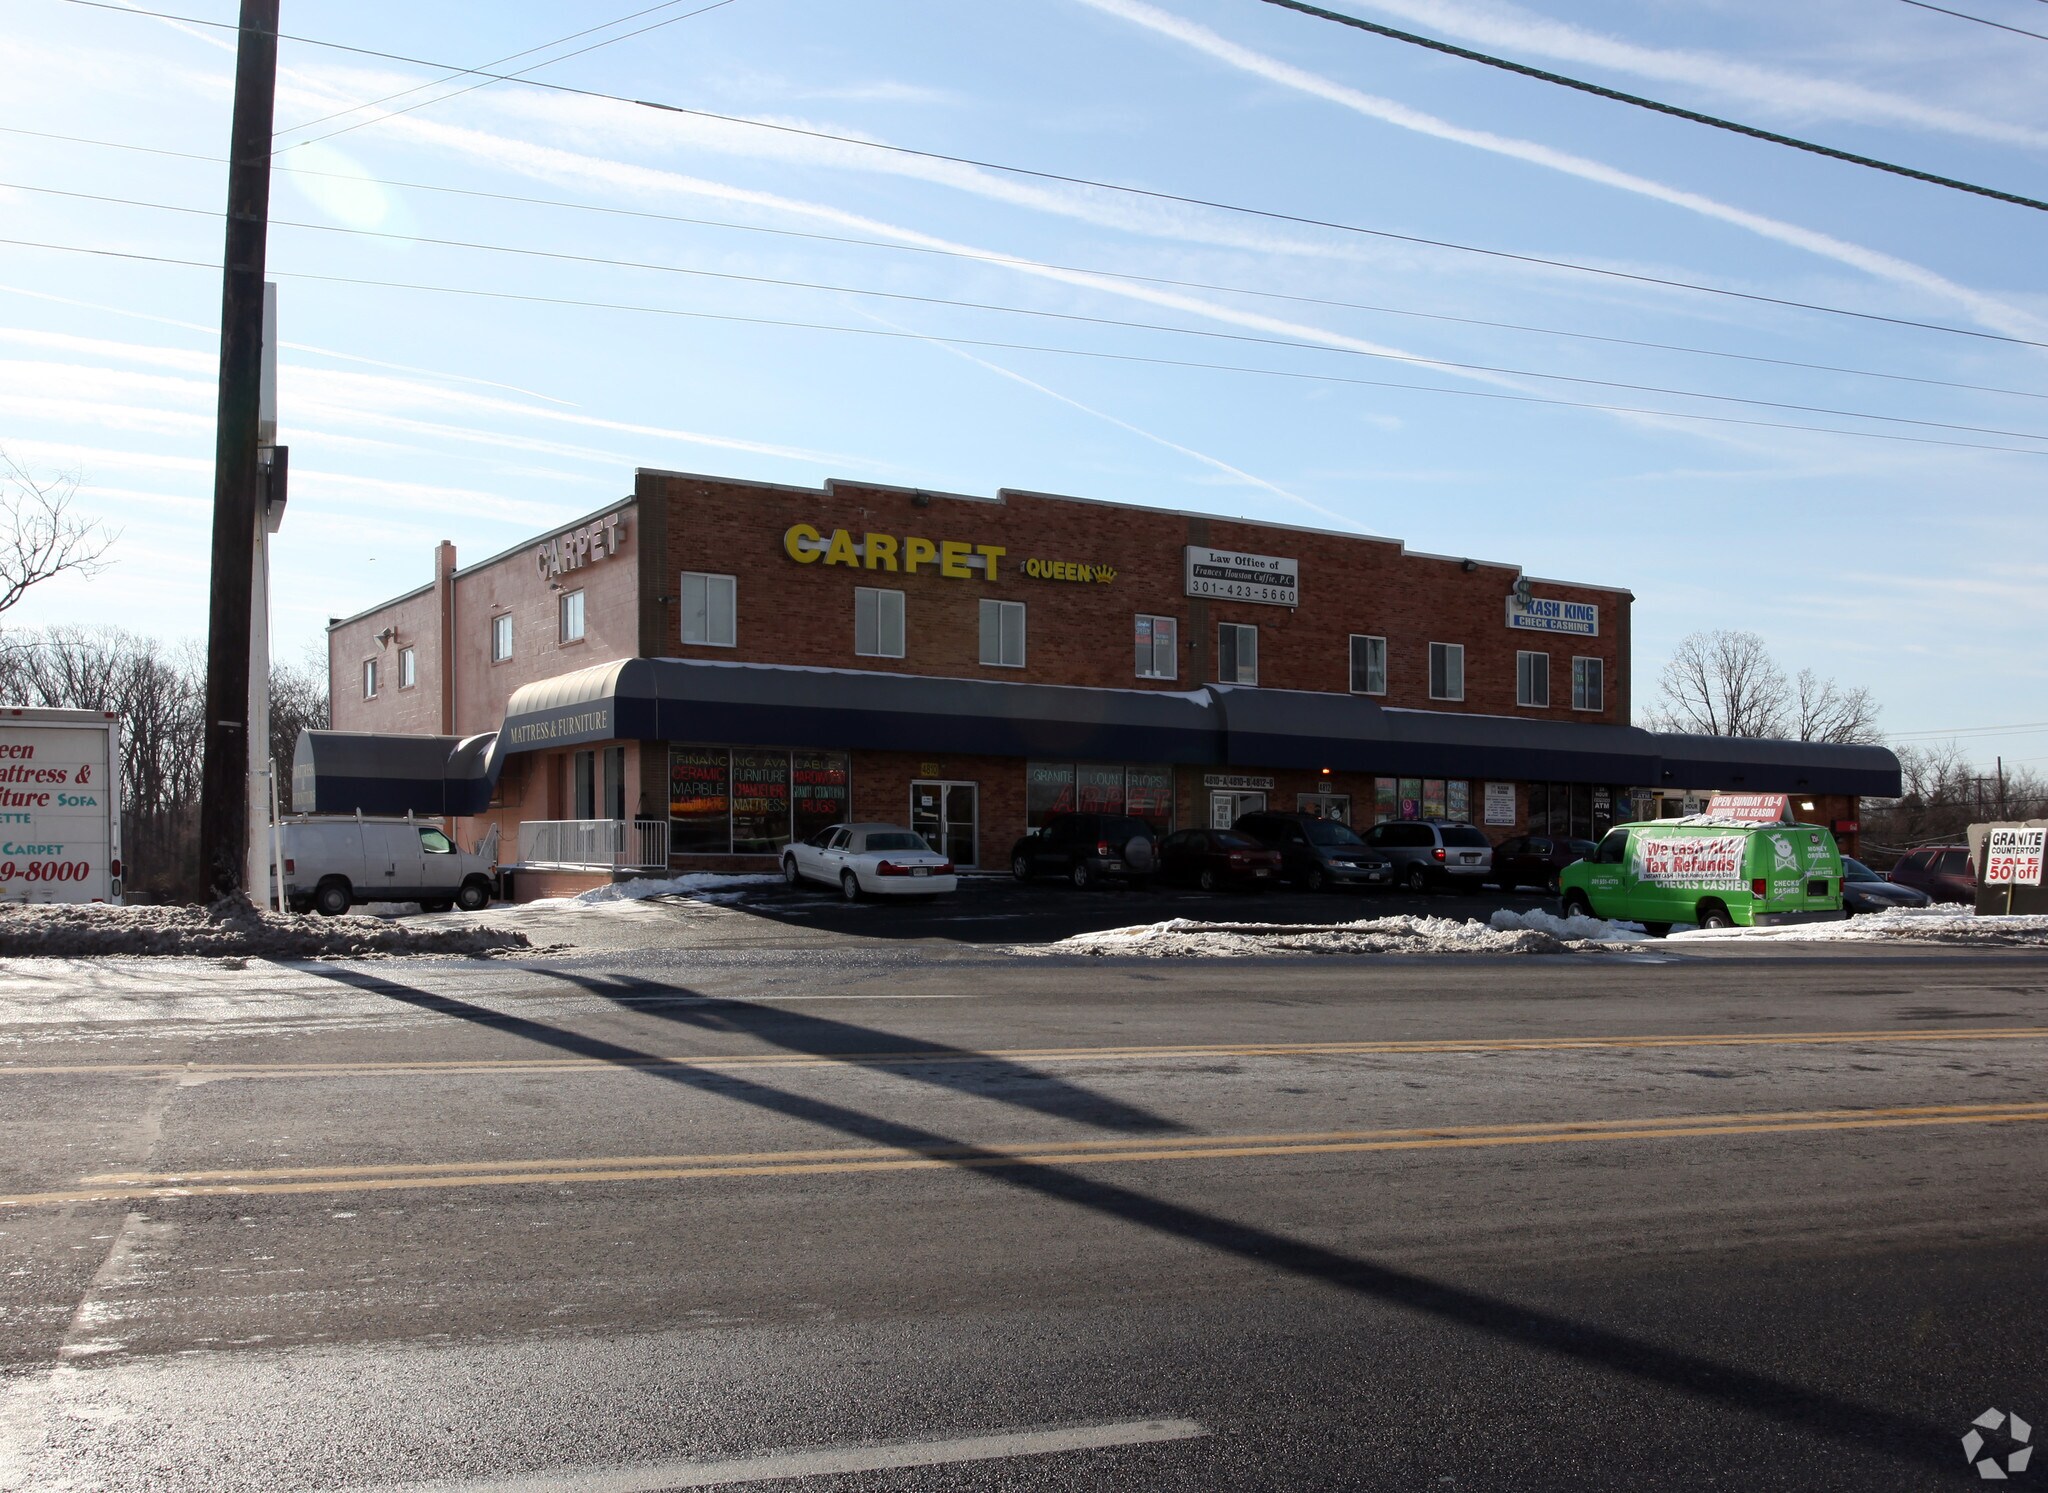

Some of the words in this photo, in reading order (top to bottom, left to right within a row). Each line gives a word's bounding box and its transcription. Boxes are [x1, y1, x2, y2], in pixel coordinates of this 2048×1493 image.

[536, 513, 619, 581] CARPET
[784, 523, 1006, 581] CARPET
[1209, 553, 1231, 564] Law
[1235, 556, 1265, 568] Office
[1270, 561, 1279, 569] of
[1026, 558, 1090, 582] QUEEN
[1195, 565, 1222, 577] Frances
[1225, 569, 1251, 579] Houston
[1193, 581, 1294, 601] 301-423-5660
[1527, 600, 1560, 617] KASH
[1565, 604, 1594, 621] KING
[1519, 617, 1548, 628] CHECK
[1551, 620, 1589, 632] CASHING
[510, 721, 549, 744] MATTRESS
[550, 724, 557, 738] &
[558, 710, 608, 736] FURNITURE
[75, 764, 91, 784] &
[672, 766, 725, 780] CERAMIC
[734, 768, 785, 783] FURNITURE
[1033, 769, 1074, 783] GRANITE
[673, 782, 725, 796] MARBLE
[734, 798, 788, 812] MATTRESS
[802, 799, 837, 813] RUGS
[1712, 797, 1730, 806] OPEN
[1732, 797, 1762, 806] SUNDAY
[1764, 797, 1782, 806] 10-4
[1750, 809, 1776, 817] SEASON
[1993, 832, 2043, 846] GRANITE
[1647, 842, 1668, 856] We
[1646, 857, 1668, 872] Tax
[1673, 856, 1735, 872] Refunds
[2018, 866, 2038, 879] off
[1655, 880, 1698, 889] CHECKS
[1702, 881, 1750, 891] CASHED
.....
Your objective: Write out the data above exactly, minus any images.

Response to this exercise:
Some of the words in this photo, in reading order (top to bottom, left to right within a row). Each line gives a word's bounding box and its transcription. Boxes are [x1, y1, x2, y2], in pixel coordinates of this 2048×1493 image.

[536, 513, 619, 581] CARPET
[784, 523, 1006, 581] CARPET
[1209, 553, 1231, 564] Law
[1235, 556, 1265, 568] Office
[1270, 561, 1279, 569] of
[1026, 558, 1090, 582] QUEEN
[1195, 565, 1222, 577] Frances
[1225, 569, 1251, 579] Houston
[1193, 581, 1294, 601] 301-423-5660
[1527, 600, 1560, 617] KASH
[1565, 604, 1594, 621] KING
[1519, 617, 1548, 628] CHECK
[1551, 620, 1589, 632] CASHING
[510, 721, 549, 744] MATTRESS
[550, 724, 557, 738] &
[558, 710, 608, 736] FURNITURE
[75, 764, 91, 784] &
[672, 766, 725, 780] CERAMIC
[734, 768, 785, 783] FURNITURE
[1033, 769, 1074, 783] GRANITE
[673, 782, 725, 796] MARBLE
[734, 798, 788, 812] MATTRESS
[802, 799, 837, 813] RUGS
[1712, 797, 1730, 806] OPEN
[1732, 797, 1762, 806] SUNDAY
[1764, 797, 1782, 806] 10-4
[1750, 809, 1776, 817] SEASON
[1993, 832, 2043, 846] GRANITE
[1647, 842, 1668, 856] We
[1646, 857, 1668, 872] Tax
[1673, 856, 1735, 872] Refunds
[2018, 866, 2038, 879] off
[1655, 880, 1698, 889] CHECKS
[1702, 881, 1750, 891] CASHED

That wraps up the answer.